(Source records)
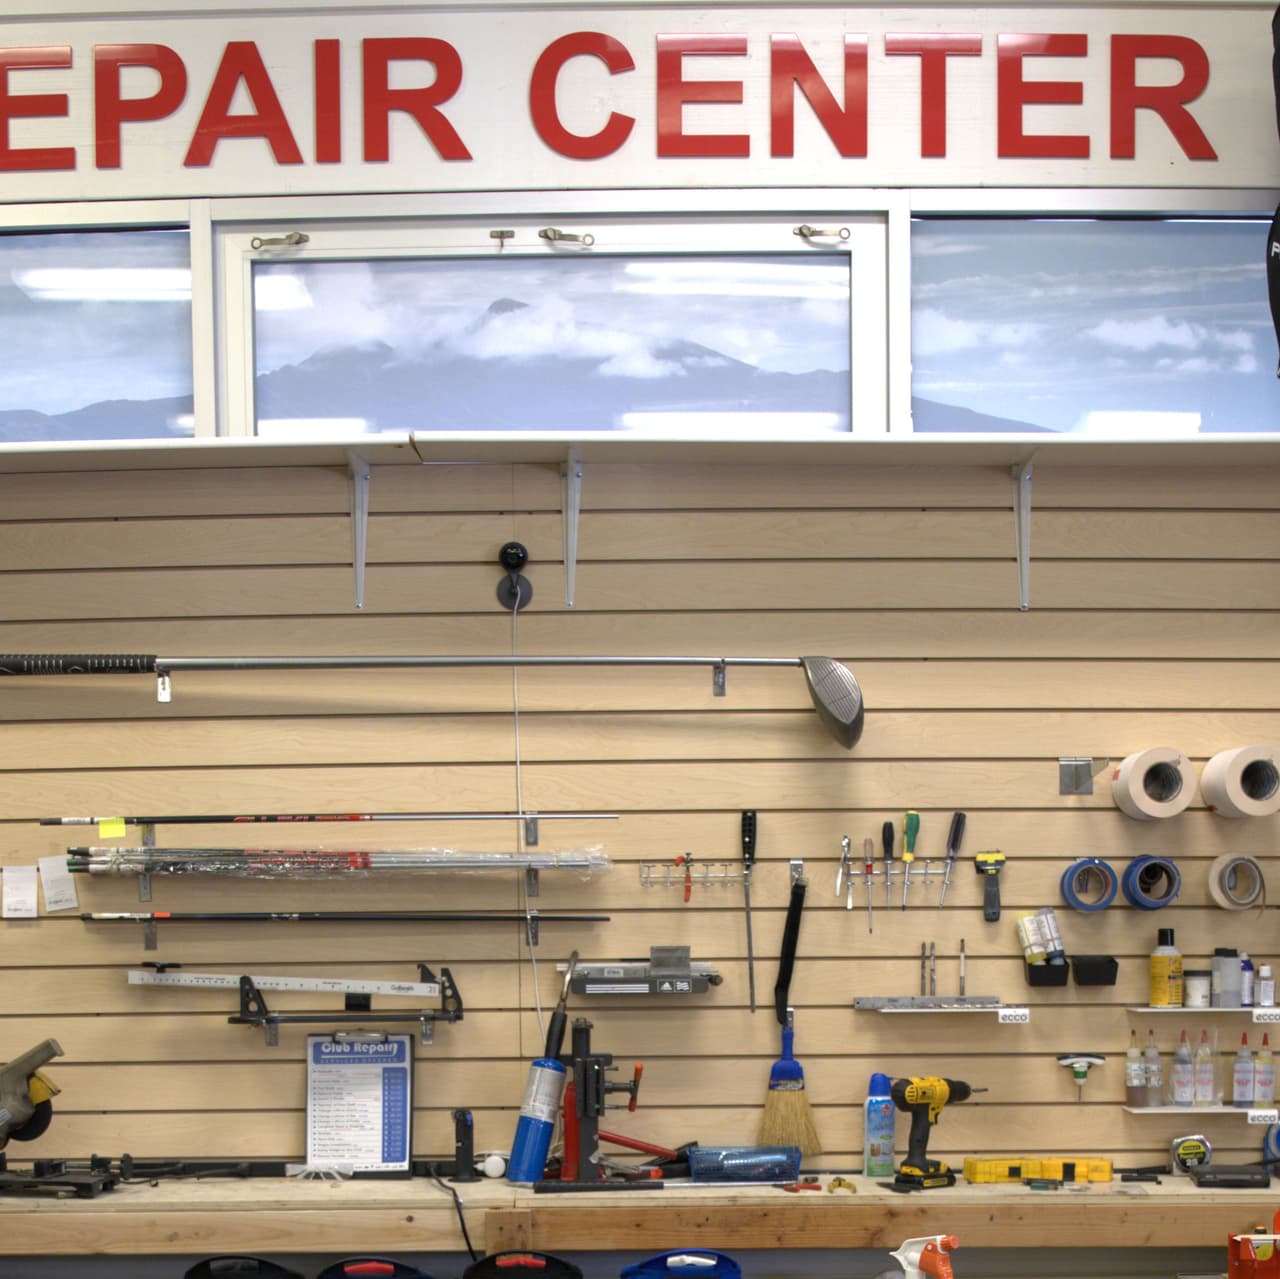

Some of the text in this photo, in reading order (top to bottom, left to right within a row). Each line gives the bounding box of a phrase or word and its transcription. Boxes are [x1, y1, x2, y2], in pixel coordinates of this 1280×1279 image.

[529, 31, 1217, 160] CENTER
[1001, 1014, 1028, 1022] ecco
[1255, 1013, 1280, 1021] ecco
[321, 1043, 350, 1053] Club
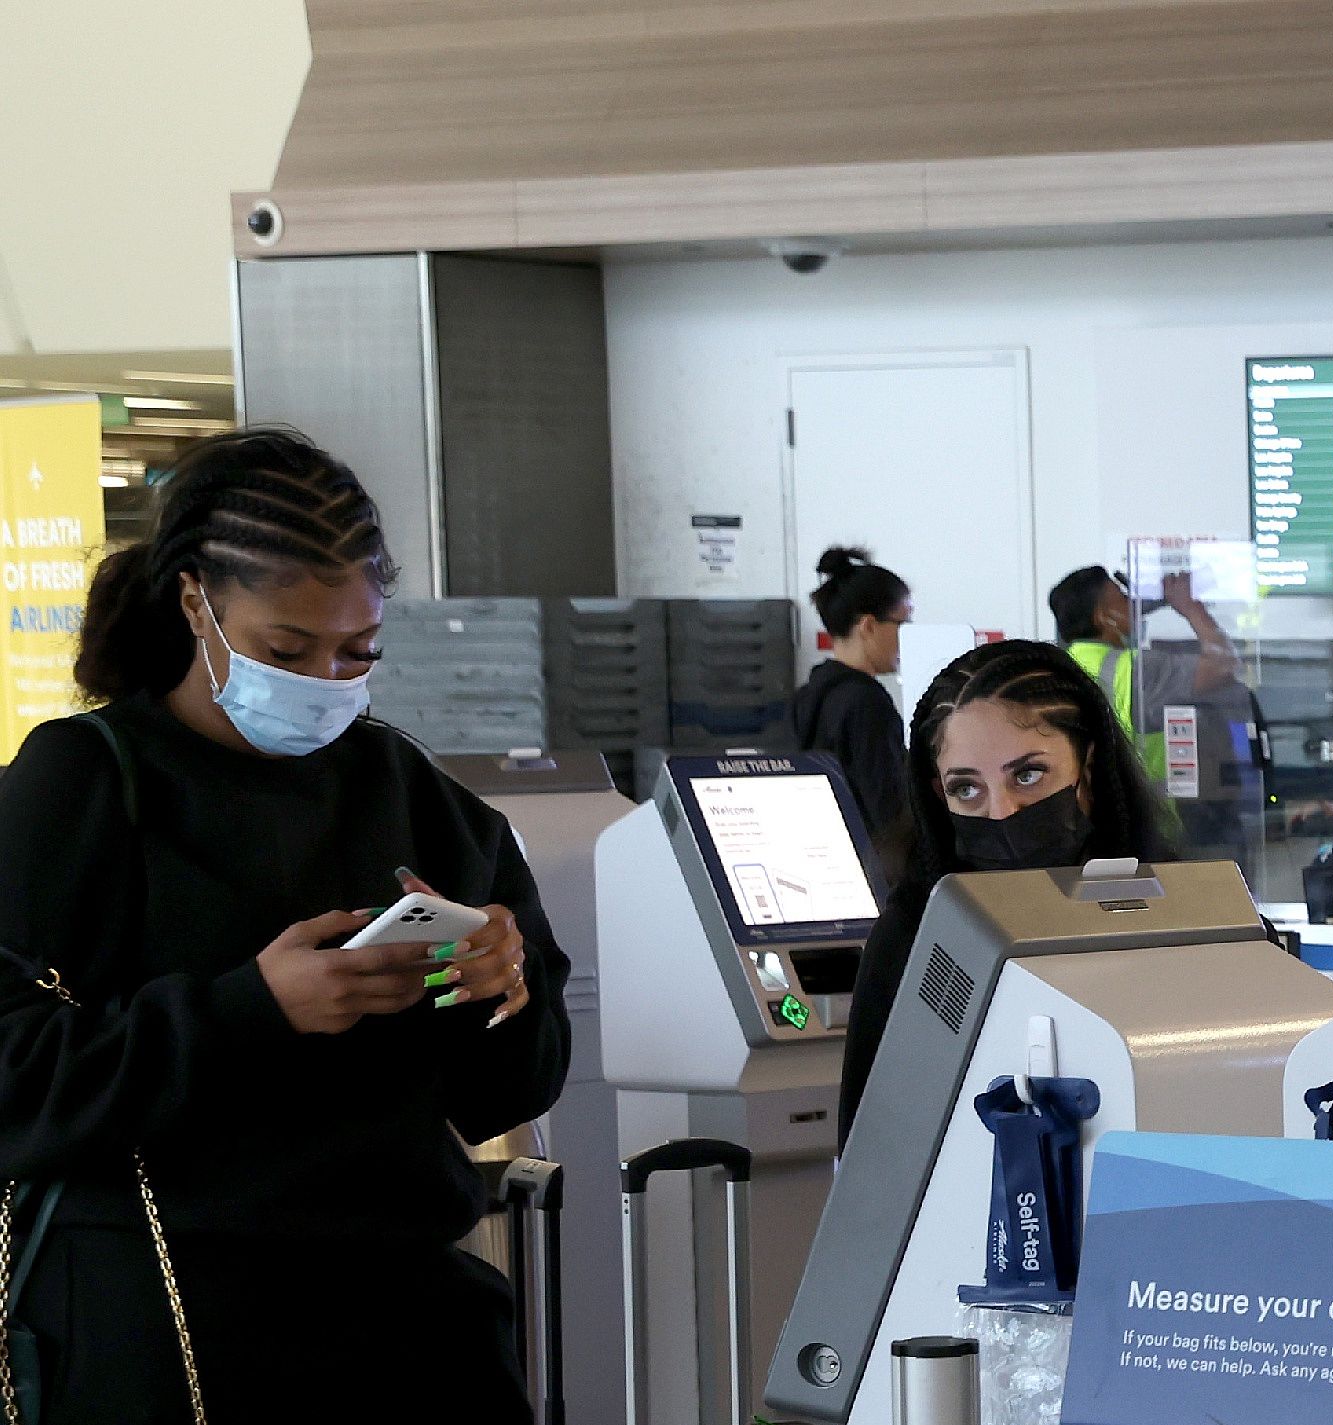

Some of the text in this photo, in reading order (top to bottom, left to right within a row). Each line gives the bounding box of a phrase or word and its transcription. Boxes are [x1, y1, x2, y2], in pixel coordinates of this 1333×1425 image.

To do: Please copy the entries in full. Leave each image out.

Output for this exercise:
Some of the text in this photo, in reading order (top to bottom, left to right within a row). Each line gives the bounding box of a phrase or word and its transcription. Boxes are [x1, y1, x2, y2], in pixel coordinates of this 1280×1279 image.

[529, 31, 1217, 160] CENTER
[1001, 1014, 1028, 1022] ecco
[1255, 1013, 1280, 1021] ecco
[321, 1043, 350, 1053] Club

Some of the text in this photo, in reading order (top to bottom, left to right within a row). Each line gives the bounding box of a phrase or word and its transcription. Boxes are [x1, y1, x2, y2], in pixel coordinates of this 1333×1425 image.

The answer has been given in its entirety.